__EXERCISE DATA__
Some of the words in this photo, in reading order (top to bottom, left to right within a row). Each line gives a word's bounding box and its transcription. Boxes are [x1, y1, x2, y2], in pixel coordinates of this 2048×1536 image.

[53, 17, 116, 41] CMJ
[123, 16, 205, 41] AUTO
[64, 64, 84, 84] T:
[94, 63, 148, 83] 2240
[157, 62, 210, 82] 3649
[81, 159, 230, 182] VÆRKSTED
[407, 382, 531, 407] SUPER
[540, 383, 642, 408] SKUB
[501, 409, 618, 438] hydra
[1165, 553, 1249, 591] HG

__EXERCISE BRIEF__
Each entry in the listing is to be copied exactly.

__SOLUTION TO THE EXERCISE__
Some of the words in this photo, in reading order (top to bottom, left to right within a row). Each line gives a word's bounding box and its transcription. Boxes are [x1, y1, x2, y2], in pixel coordinates of this 2048×1536 image.

[53, 17, 116, 41] CMJ
[123, 16, 205, 41] AUTO
[64, 64, 84, 84] T:
[94, 63, 148, 83] 2240
[157, 62, 210, 82] 3649
[81, 159, 230, 182] VÆRKSTED
[407, 382, 531, 407] SUPER
[540, 383, 642, 408] SKUB
[501, 409, 618, 438] hydra
[1165, 553, 1249, 591] HG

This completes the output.